Profile | Bastrykin, Putin’s executing arm in the prosecution


Between the multiple companies made during his career for Aleksandr Bastrykinin front of the Russian Investigative Committeea body equivalent to the Attorney General’s Office in Spain, highlights one of them, which occurred in 2012. It invited Sergei Sokolova journalist from Novaya Gazeta who just posted a critical article regarding a case managed by the institution he directs, to travel with him from Moscow to Nalchik, a small town in the north caucasus. During the flight, he demanded the reporter will retract of what was written, and once the plane arrived to his destinyintroduced the passenger in a car and took him to a forest where he ordered to the bodyguards to leave them alone. During the conversation, he made fun of Anna Politkóvskaya, the famous journalist who was assassinated six years before, and threatened the life of his interlocutor. Subsequently, the jurist himself admitted the facts and apologized therefore, assuring that he was the victim of a “emotional outburst”.

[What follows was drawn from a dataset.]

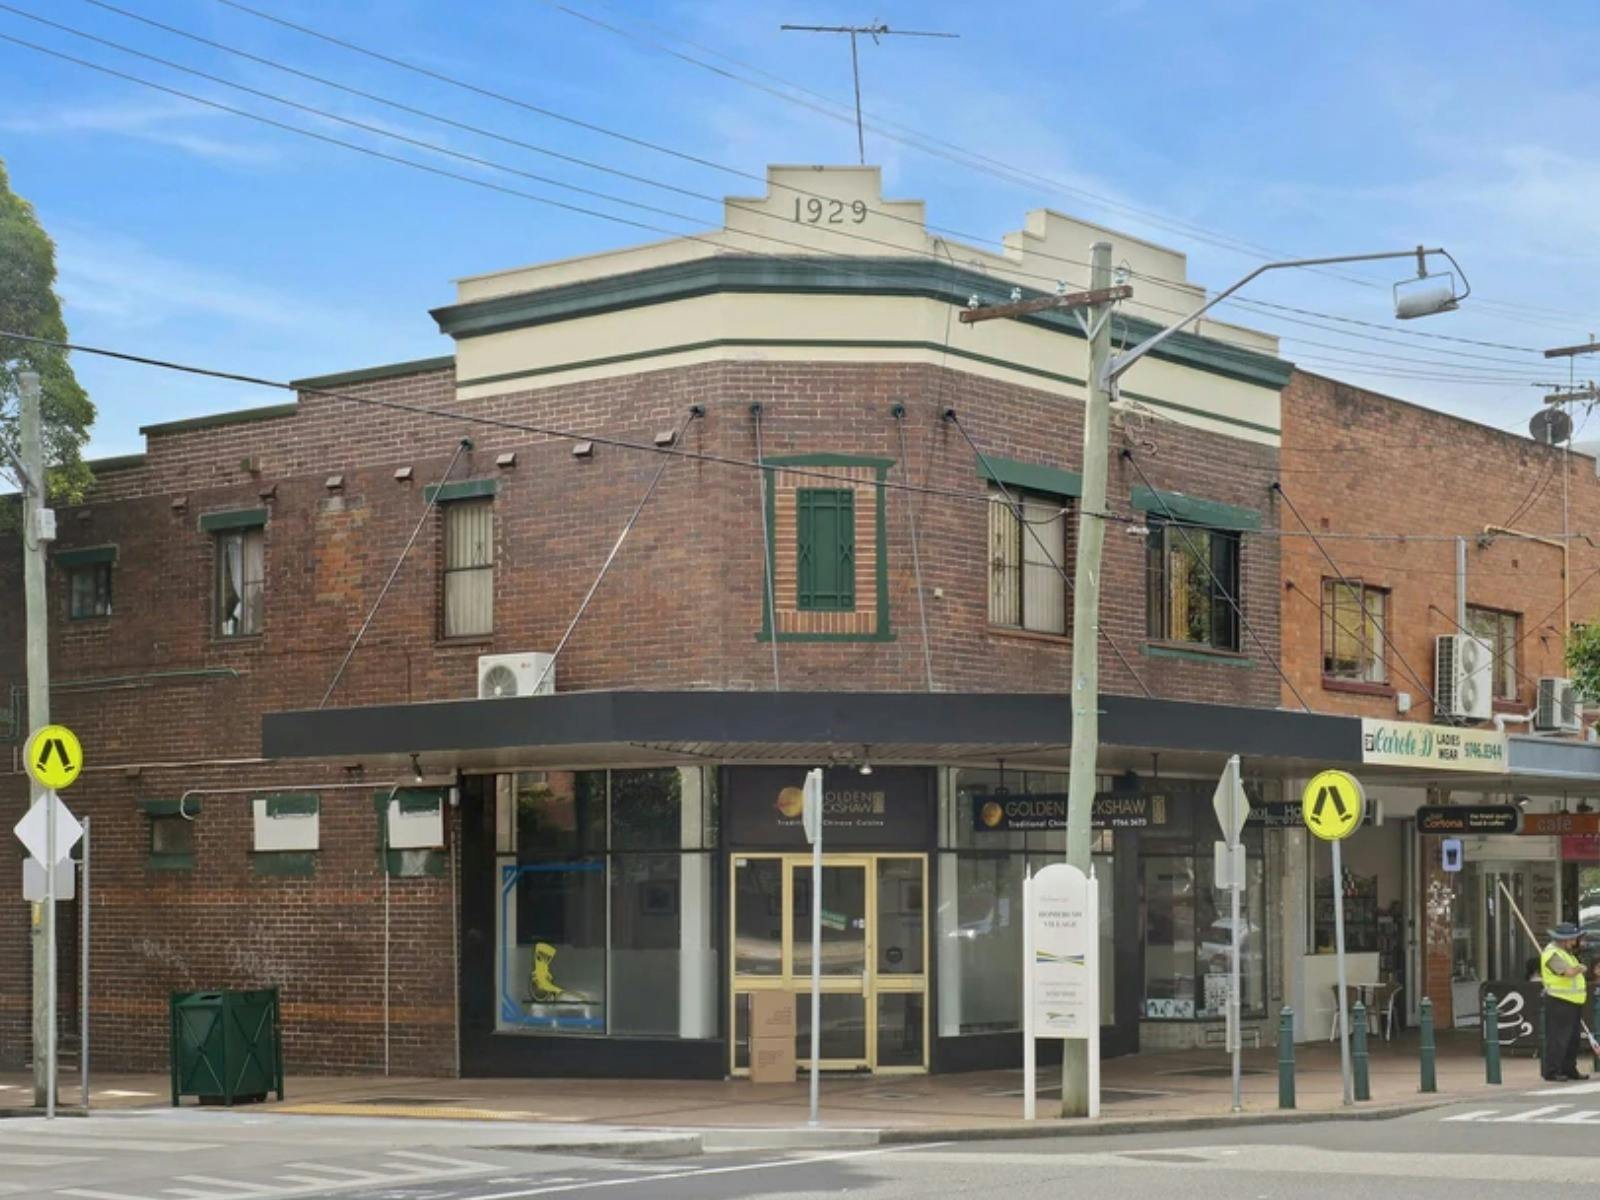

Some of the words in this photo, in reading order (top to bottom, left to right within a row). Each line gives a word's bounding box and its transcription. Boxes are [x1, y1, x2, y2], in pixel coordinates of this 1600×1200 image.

According to the research Putin’s ListBastrykin has turned the Investigative Committee into “one of the tools to preserve the Putin regime, opening criminal cases against opposition leaders and investigations in court cases clearly political“. He is a man of the maximum confidence of the president Vladimir Putinas evidenced by their long-standing relationship, dating back to the college yearswhen both were studying Law at the Leningrad State University. His closeness to the leader of the Kremlin has made him one of the characters in his environment more punished by international sanctions: entry into the US is prohibited and its assets are immobilized.

In Russia, by law, senior russian officials and the personalities with access to state secrets have limited ability to buy and own property in NATO member countries. This has not prevented Bastrykin acquired, secretlyreal estate in the Czech Republic and was even in possession of a residence permitan extreme that came to light in a parliamentary investigation in 2006 and that denounced again anti-corruption blogger Aleksei Navalni six years later.